The entries are to be given back verbatim; no picture is to be copied.

-------- Records supplied --------

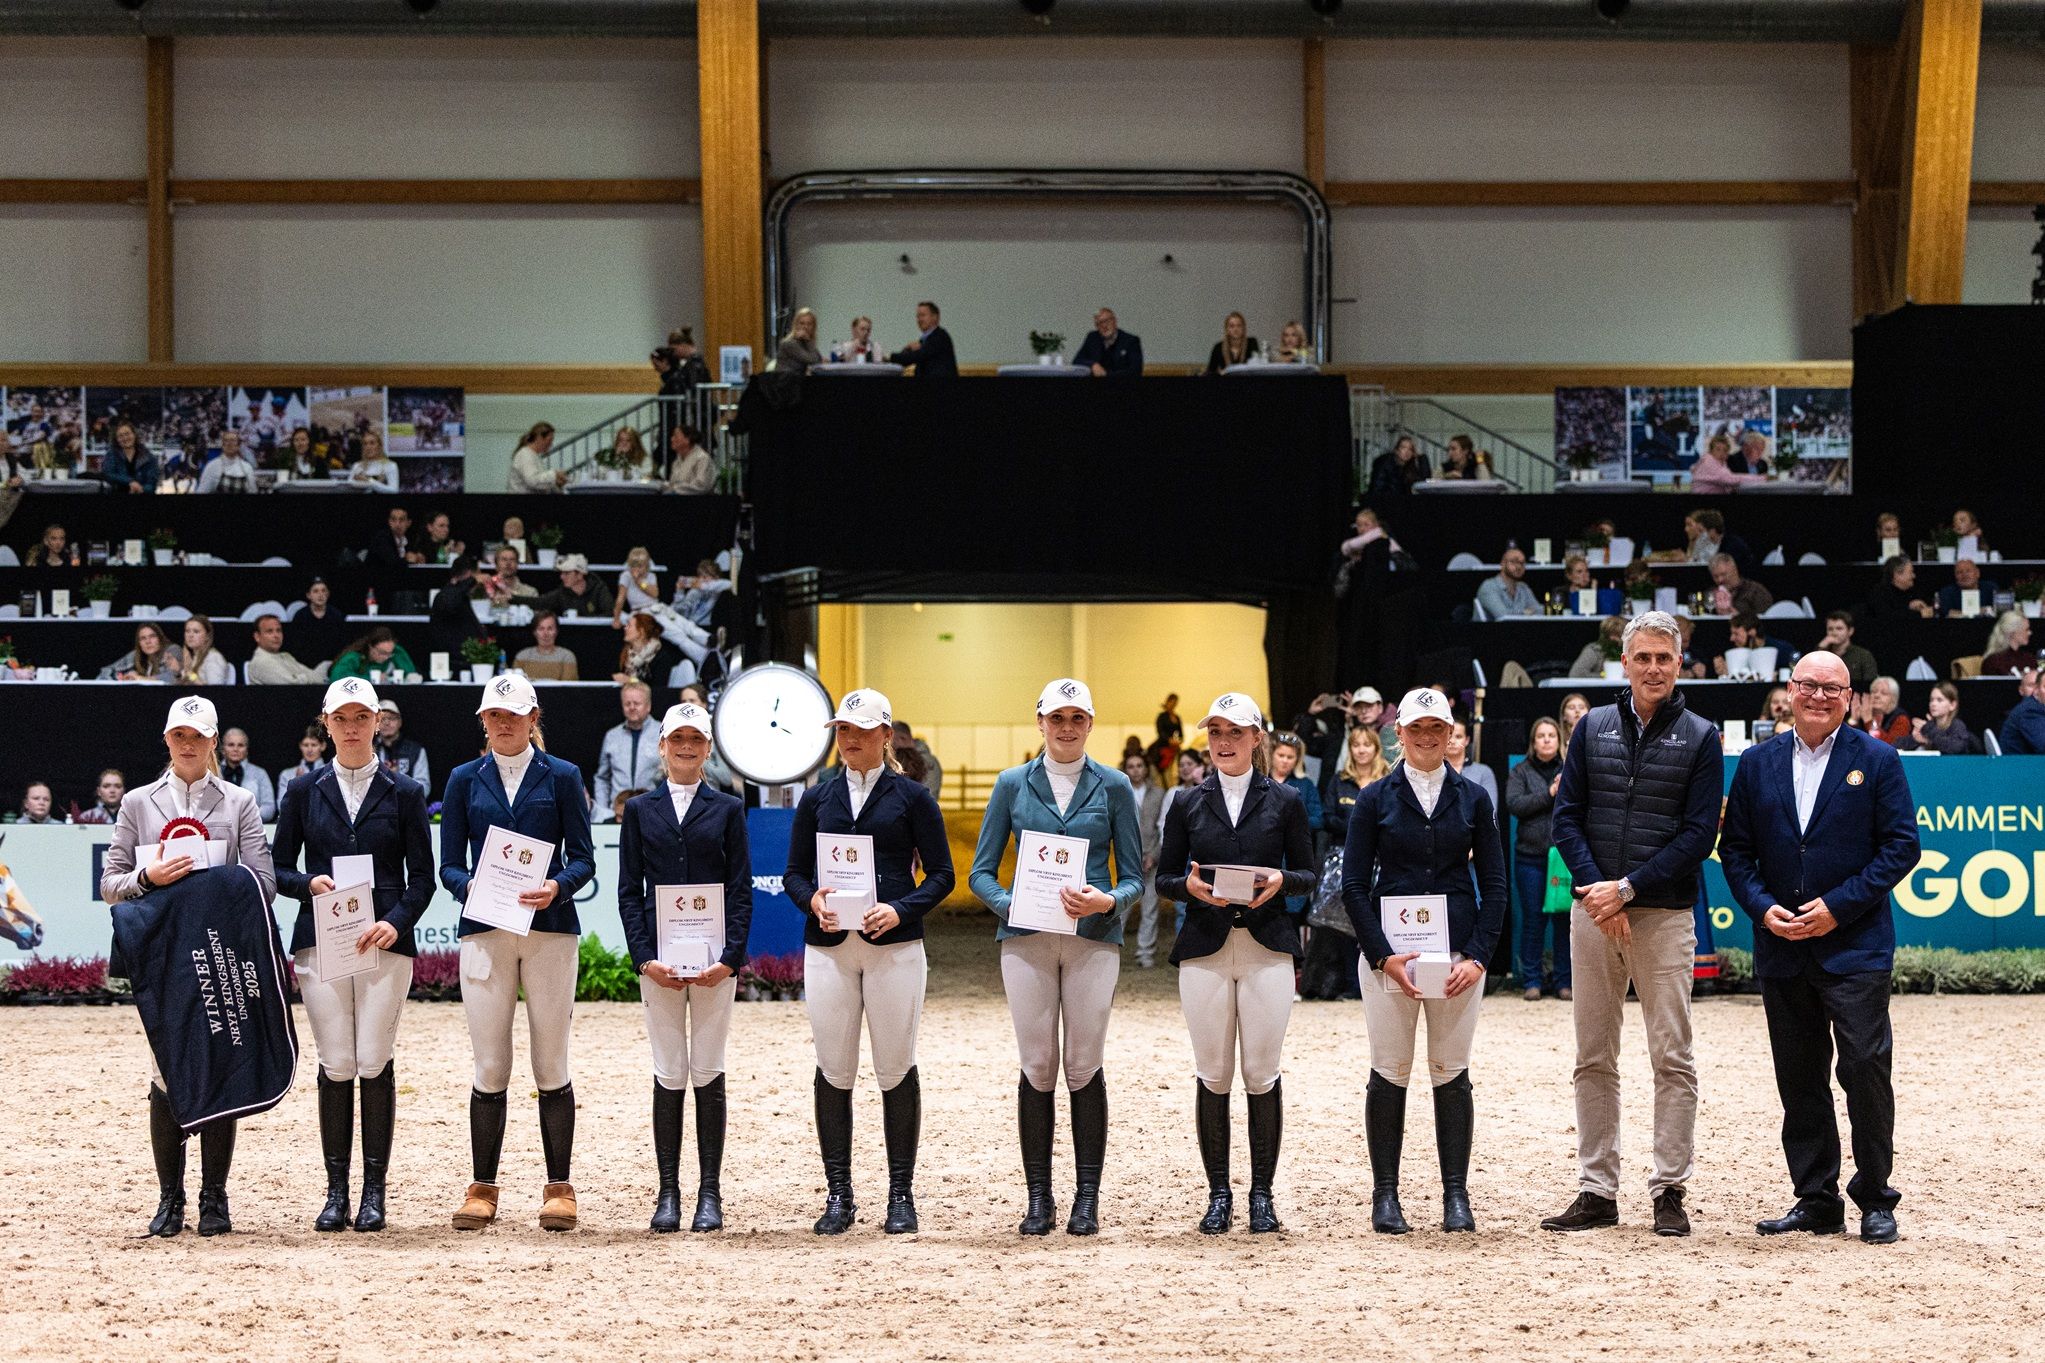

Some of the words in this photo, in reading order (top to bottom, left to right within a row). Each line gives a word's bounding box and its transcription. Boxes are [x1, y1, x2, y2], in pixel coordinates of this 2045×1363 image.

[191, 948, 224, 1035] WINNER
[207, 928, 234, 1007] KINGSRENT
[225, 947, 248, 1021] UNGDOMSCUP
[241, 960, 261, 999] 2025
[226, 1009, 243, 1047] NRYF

--------

[Answer below]:
Some of the words in this photo, in reading order (top to bottom, left to right within a row). Each line gives a word's bounding box and its transcription. Boxes are [x1, y1, x2, y2], in pixel coordinates of this 2045×1363 image.

[191, 948, 224, 1035] WINNER
[207, 928, 234, 1007] KINGSRENT
[225, 947, 248, 1021] UNGDOMSCUP
[241, 960, 261, 999] 2025
[226, 1009, 243, 1047] NRYF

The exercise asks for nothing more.